L'esprit créatif de Steve Jobs, décédé mercredi à 56 ans, et le succès de la marque à la pomme étaient si imbriqués que sa mort instille le doute sur la capacité du groupe à continuer à présenter des innovations décisives pour le marché de l'électronique.

"En tant qu'analyste spécialiste des nouvelles technologies, son décès m'attriste. C'était le groupe Apple de Steve Jobs, pas Steve Jobs du groupe Apple", confie Kim Young-chan, de Shinhan Investment à Séoul.

"Apple n'a plus quelqu'un d'aussi créatif et ambitieux que Jobs sur lequel compter", relève de son côté Simon Liu, de Polaris Group.

Les dirigeants de Samsung Electronics, Amazon, Google ou Sony ont tous salué la mémoire de Steve Jobs, signe de leur respect pour cette figure de la Silicon Valley. Mais son décès pourrait leur ouvrir de nouvelles perspectives.

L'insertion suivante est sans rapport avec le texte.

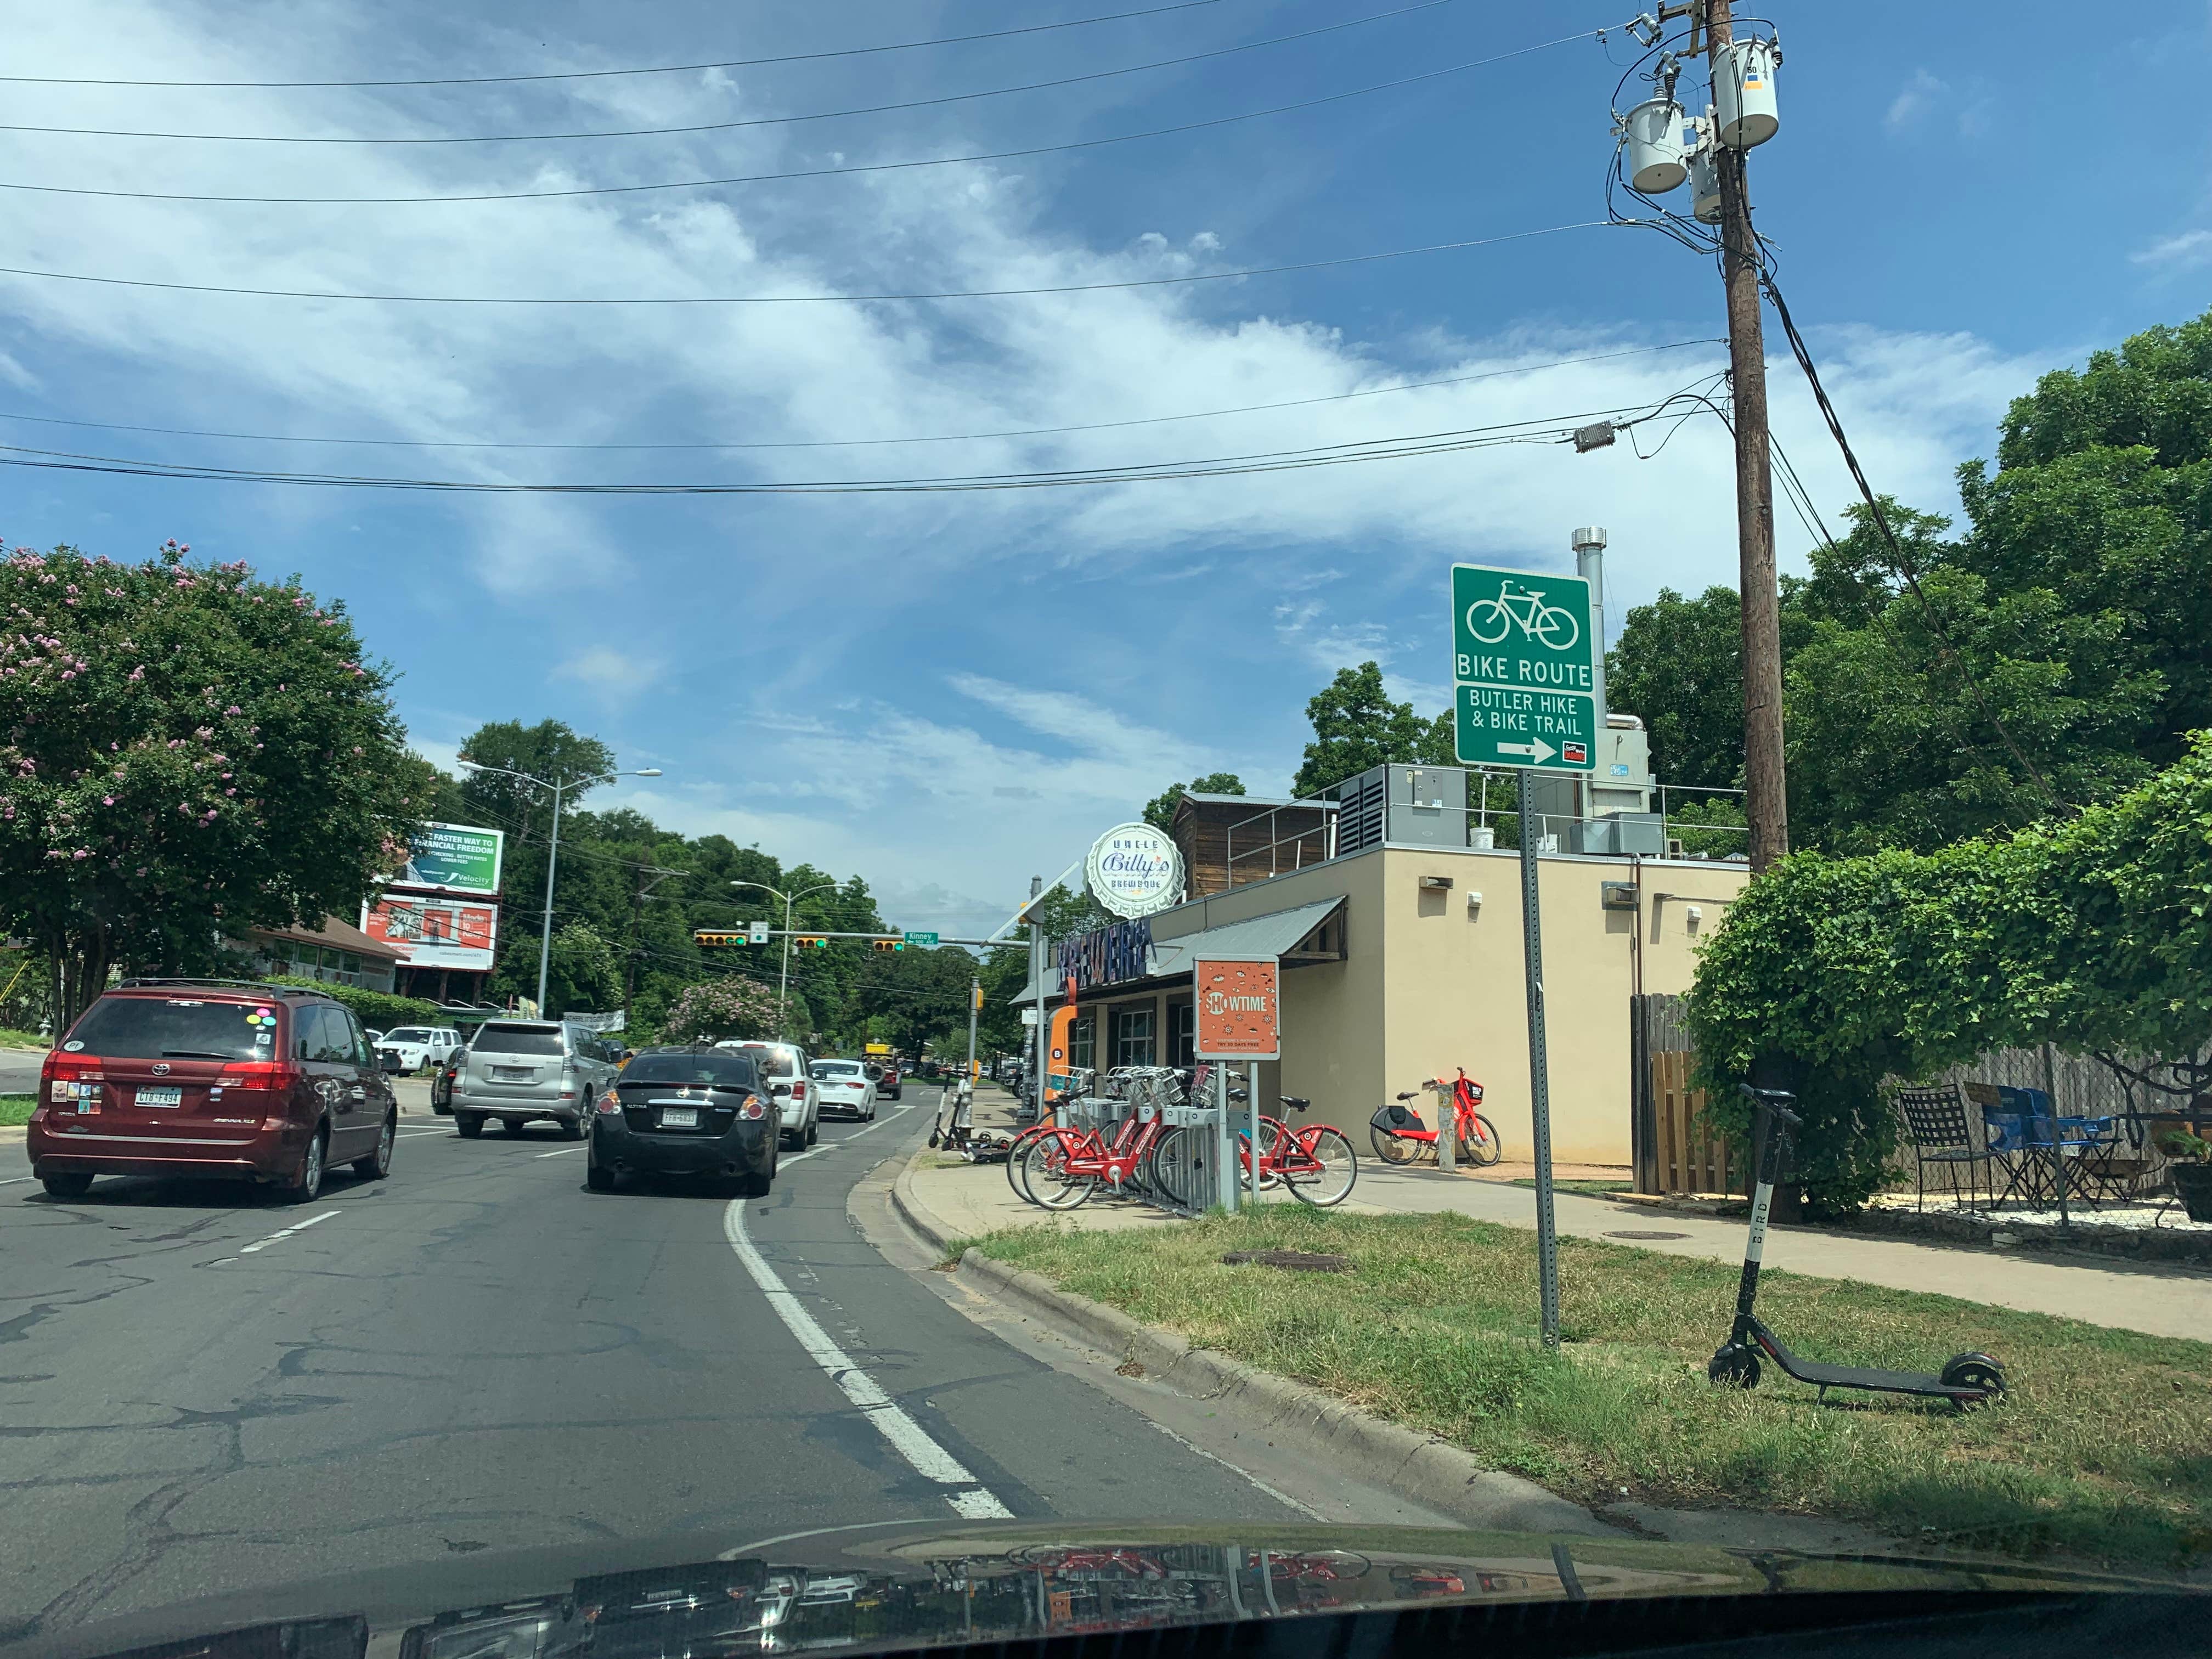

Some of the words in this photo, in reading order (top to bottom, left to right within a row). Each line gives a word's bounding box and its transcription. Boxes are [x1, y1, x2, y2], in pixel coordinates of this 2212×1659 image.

[1457, 653, 1509, 679] BIKE
[1519, 659, 1591, 686] ROUTE
[1470, 689, 1533, 711] BUTLER
[1541, 695, 1577, 714] HIKE
[1472, 710, 1484, 727] &
[1491, 712, 1528, 731] BIKE
[1534, 715, 1582, 735] TRAIL
[434, 833, 462, 843] FASTER
[464, 837, 481, 845] WAY
[457, 844, 494, 854] FREEDOM
[1114, 840, 1158, 849] UNCLE
[1102, 853, 1169, 878] Billy's
[458, 873, 489, 885] Velocity
[1206, 992, 1267, 1015] SHOWTIME
[1752, 1203, 1768, 1244] BIRD
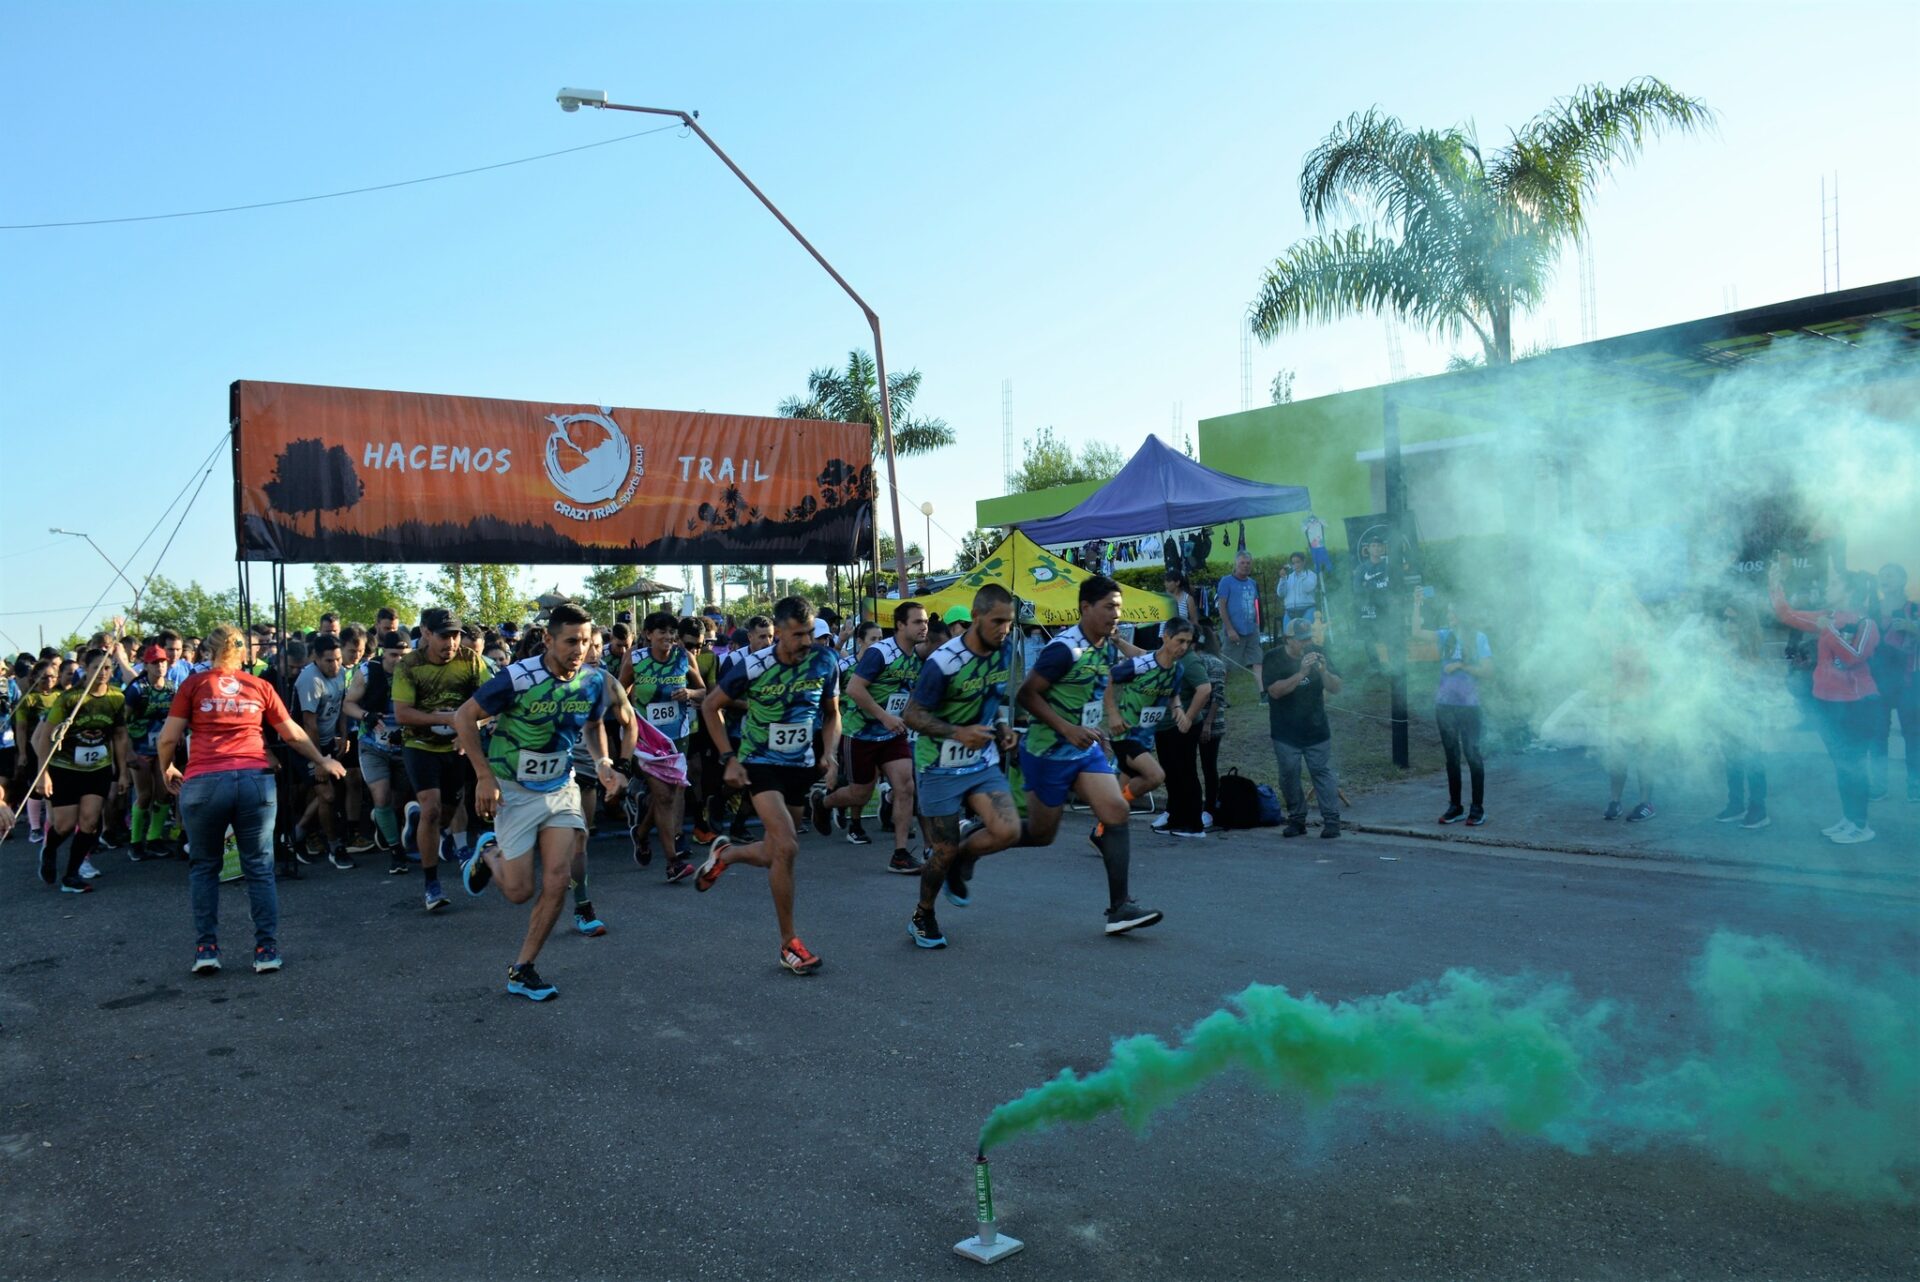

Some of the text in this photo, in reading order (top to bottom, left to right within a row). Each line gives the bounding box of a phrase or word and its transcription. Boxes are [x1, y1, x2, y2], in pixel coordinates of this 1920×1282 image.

[363, 442, 770, 484] HACEMOS TRAIL
[553, 444, 644, 520] CRAZY TRAIL sports group
[200, 698, 261, 713] STAFF
[530, 701, 557, 713] ORO
[890, 698, 905, 711] 156
[652, 706, 675, 720] 268
[1142, 711, 1161, 723] 362
[775, 728, 808, 745] 373
[84, 751, 100, 762] 12
[525, 758, 559, 775] 217
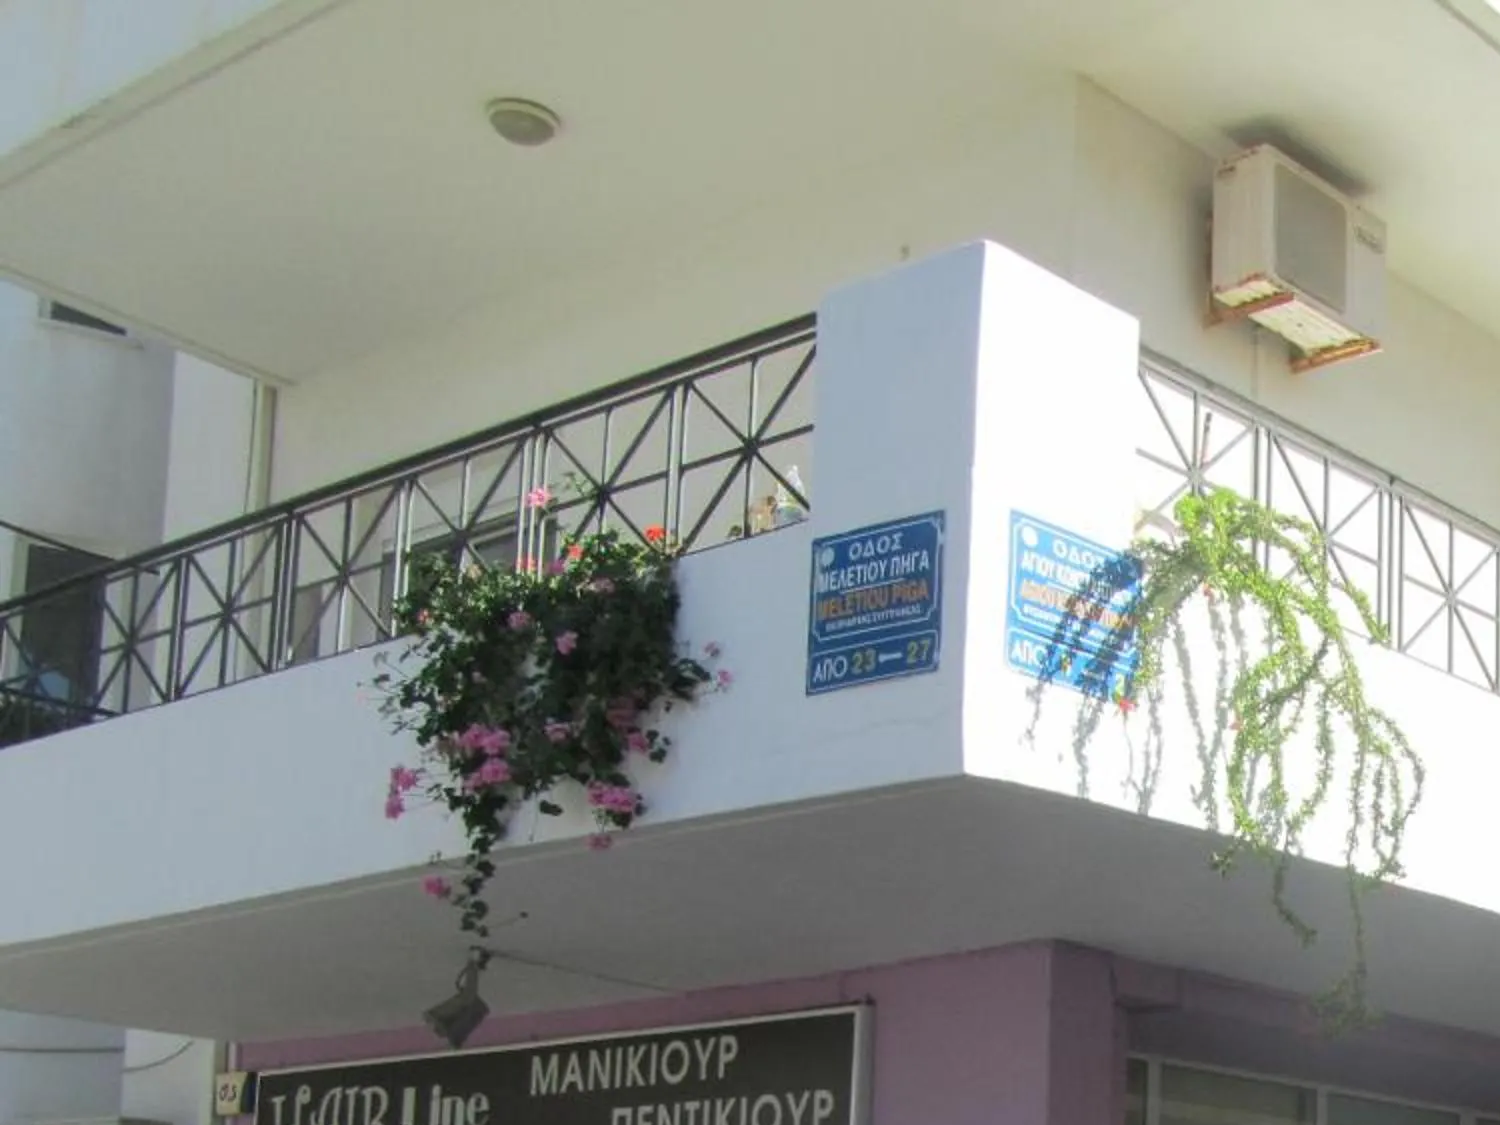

Le premier des concurrents d'Apple, Samsung, voit son destin intimement lié à celui du groupe de Cupertino.

Les analystes estiment que le conglomérat sud-coréen est l'un des fabricants les mieux placés pour concevoir un produit novateur et enthousiasmant susceptible de défier Apple sur son terrain. Samsung produit déjà le Galaxy Tab, principal adversaire de l'iPad sur le marché des tablettes multimédias.

Apple est également le premier client de Samsung, qui lui fournit des puces et des écrans. Et les deux groupes ont multiplié ces derniers mois les batailles judiciaires, dont la dernière en date porte sur le tout nouvel iPhone 4S que le sud-coréen souhaite faire interdire en France et en Italie.

La capitalisation boursière de Samsung, 115 milliards de dollars, reste toutefois bien inférieure aux 345 milliards du géant américain.

"REDEVENIR UNE SOCIÉTÉ ORDINAIRE"

Pour Lee Seung-woo, analyste spécialisé dans les technologies chez Shinyoung Securities, Apple a révolutionné le secteur, mais son influence risque de décliner sans Steve Jobs à sa tête.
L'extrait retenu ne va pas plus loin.